Copyright © 2010 Canadian Thoracic Society. This open-access article is distributed under the terms of the Creative Commons Attribution Non-Commercial License (CC BY-NC) (http://creativecommons.org/licenses/by-nc/4.0/), which permits reuse, distribution and reproduction of the article, provided that the original work is properly cited and the reuse is restricted to noncommercial purposes.

Abstract

BACKGROUND: Pulmonary embolism is a common condition. Some patients subsequently develop chronic thromboembolic pulmonary hypertension (CTEPH). Many care gaps exist in the diagnosis and management of CTEPH patients including lack of awareness, incomplete diagnostic assessment, and inconsistent use of surgical and medical therapies.
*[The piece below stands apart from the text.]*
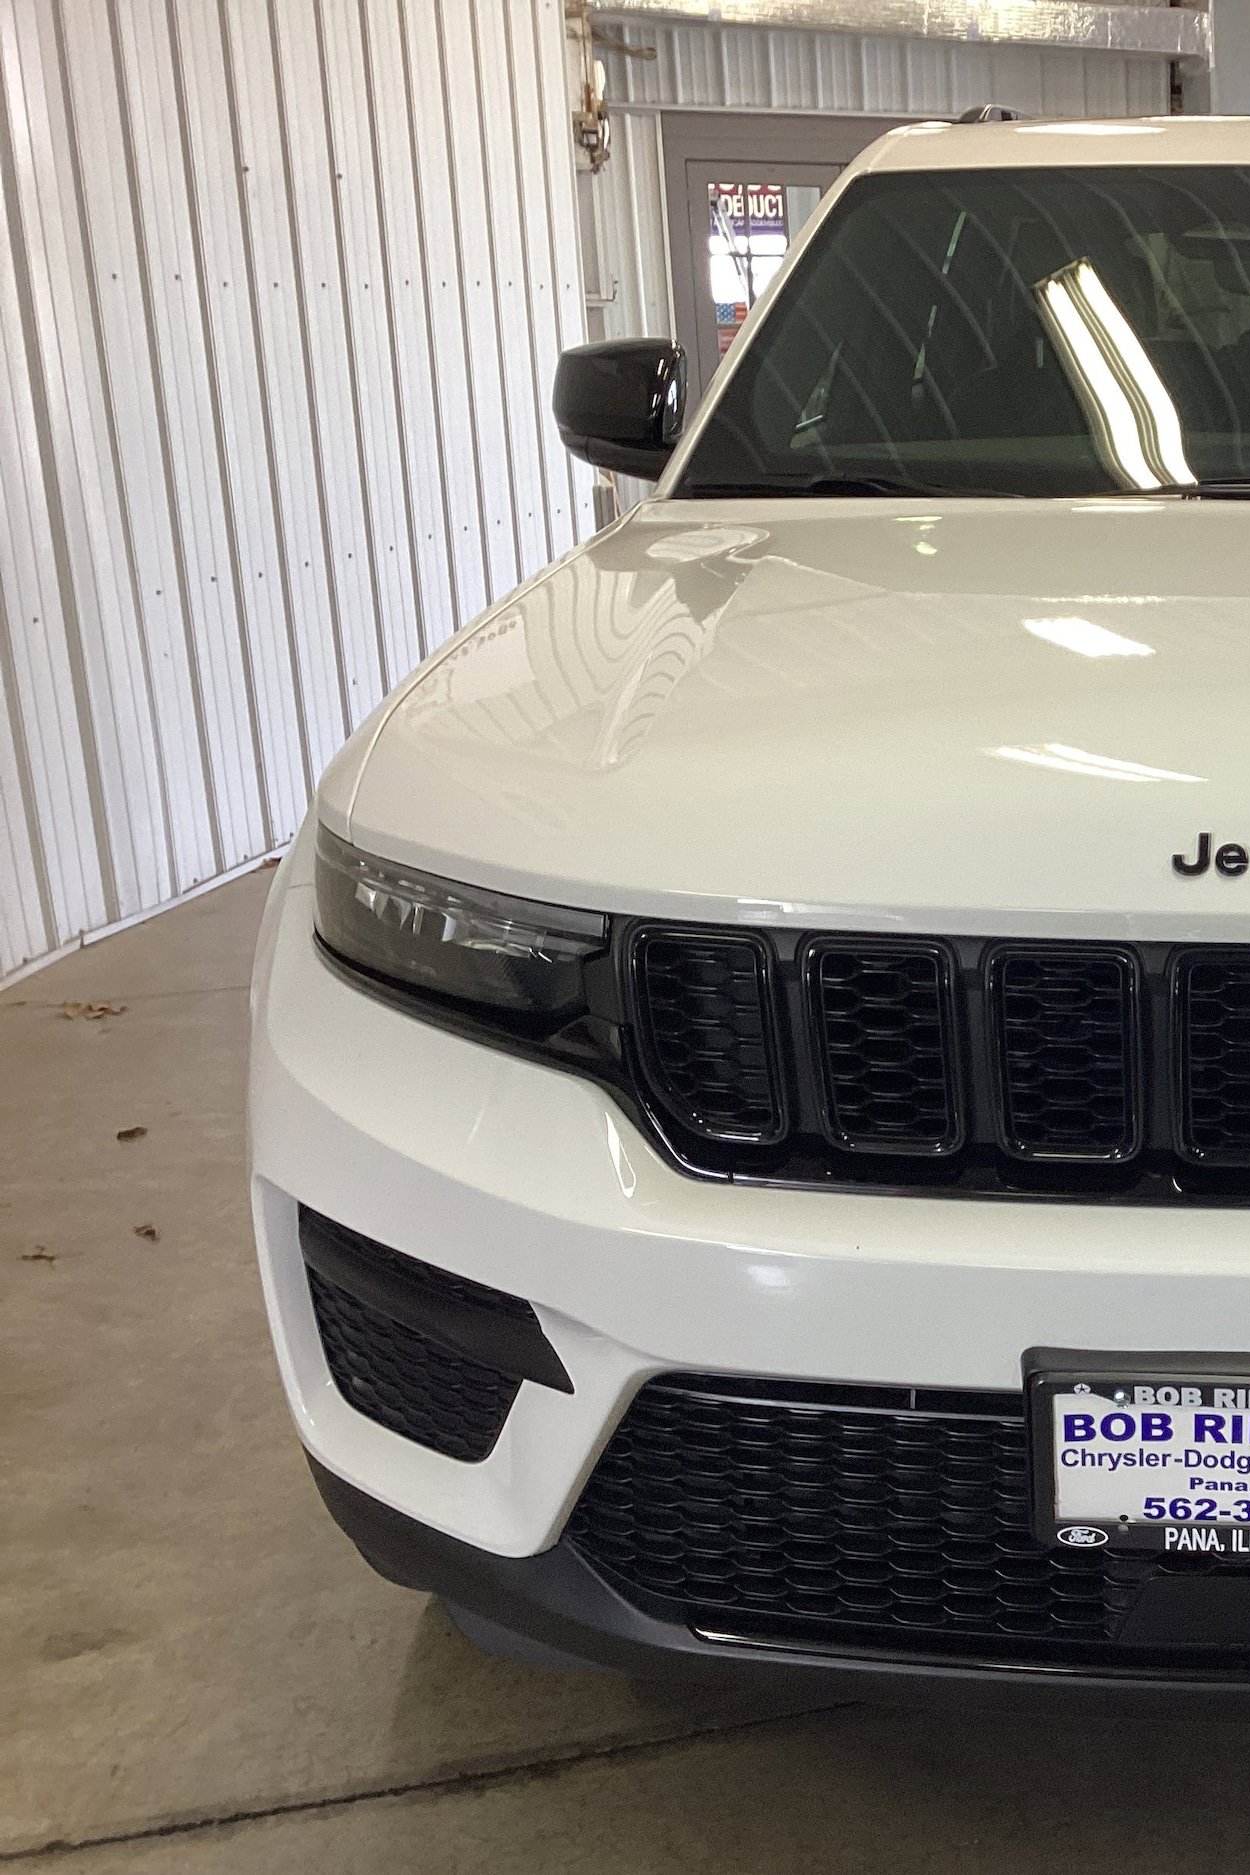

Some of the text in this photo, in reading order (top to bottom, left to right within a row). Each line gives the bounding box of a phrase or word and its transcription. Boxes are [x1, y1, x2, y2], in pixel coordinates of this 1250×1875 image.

METHODS: A representative interdisciplinary panel of medical experts undertook a formal clinical practice guideline development process. A total of 20 key clinical issues were defined according to the patient population, intervention, comparator, outcome (PICO) approach. The panel performed an evidence-based, systematic, literature review, assessed and graded the relevant evidence, and made 26 recommendations.

RESULTS: Asymptomatic patients postpulmonary embolism should not be screened for CTEPH. In patients with pulmonary hypertension, the possibility of CTEPH should be routinely evaluated with initial ventilation/ perfusion lung scanning, not computed tomography angiography. Pulmonary endarterectomy surgery is the treatment of choice in patients with surgically accessible CTEPH, and may also be effective in CTEPH patients with disease in more ‘distal’ pulmonary arteries. The anatomical extent of CTEPH for surgical pulmonary endarterectomy is best assessed by contrast pulmonary angiography, although positive computed tomography angiography may be acceptable. Novel medications indicated for the treatment of pulmonary hypertension may be effective for selected CTEPH patients.

CONCLUSIONS: The present guideline requires formal dissemination to relevant target user groups, the development of tools for implementation into routine clinical practice and formal evaluation of the impact of the guideline on the quality of care of CTEPH patients. Moreover, the guideline will be updated periodically to reflect new evidence or clinical approaches.